Your assignment:
Reproduce the data exactly and drop any pictures it holds.

Input records:

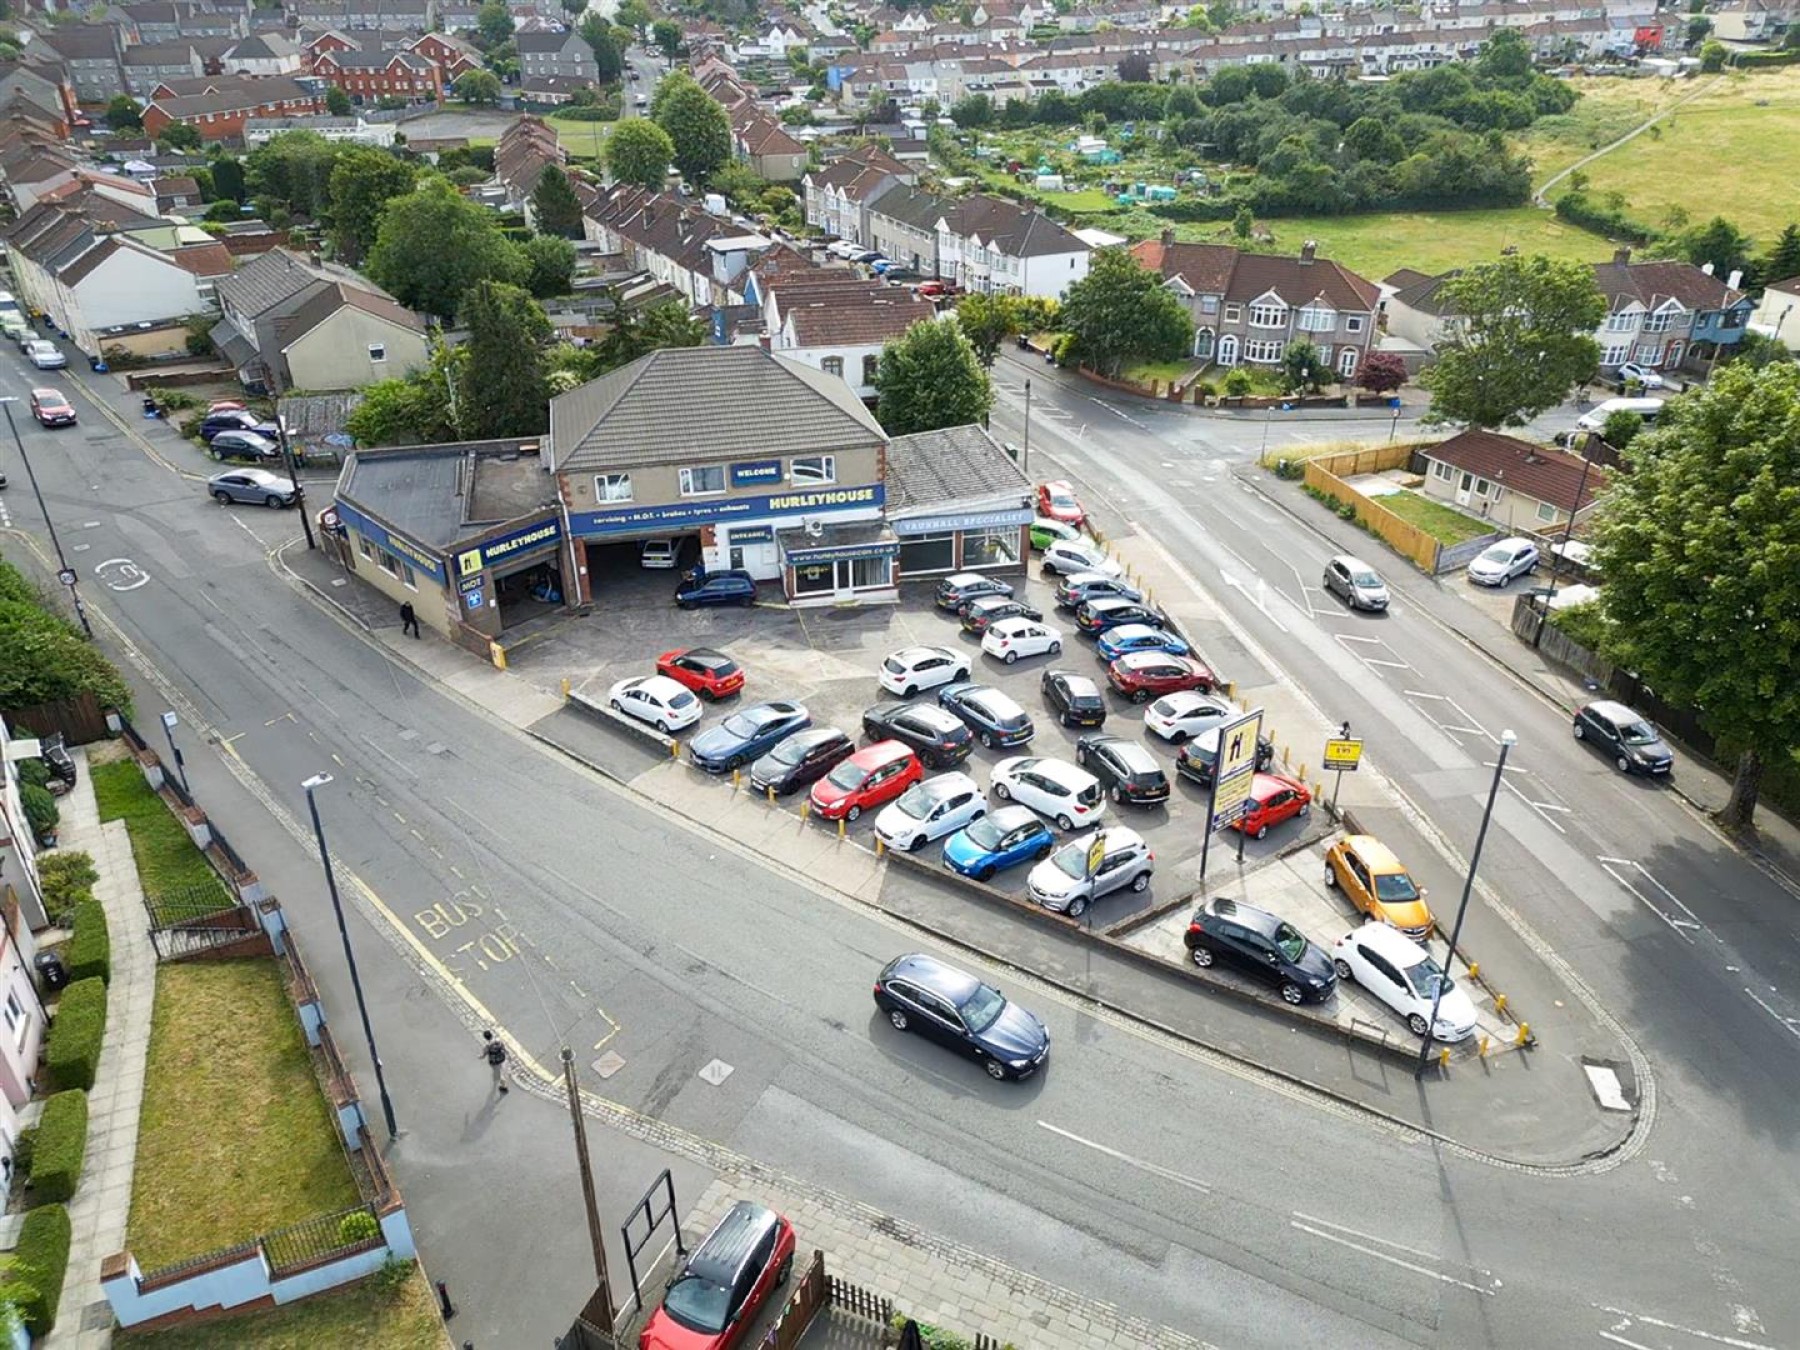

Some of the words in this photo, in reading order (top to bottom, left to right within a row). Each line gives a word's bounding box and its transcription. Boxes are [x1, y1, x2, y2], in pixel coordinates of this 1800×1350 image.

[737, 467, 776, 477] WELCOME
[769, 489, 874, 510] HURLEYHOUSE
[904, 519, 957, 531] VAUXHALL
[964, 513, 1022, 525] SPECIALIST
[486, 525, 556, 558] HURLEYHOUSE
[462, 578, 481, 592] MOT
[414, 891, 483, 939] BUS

Exercise result:
Some of the words in this photo, in reading order (top to bottom, left to right within a row). Each line gives a word's bounding box and its transcription. Boxes are [x1, y1, x2, y2], in pixel coordinates of this 1800×1350 image.

[737, 467, 776, 477] WELCOME
[769, 489, 874, 510] HURLEYHOUSE
[904, 519, 957, 531] VAUXHALL
[964, 513, 1022, 525] SPECIALIST
[486, 525, 556, 558] HURLEYHOUSE
[462, 578, 481, 592] MOT
[414, 891, 483, 939] BUS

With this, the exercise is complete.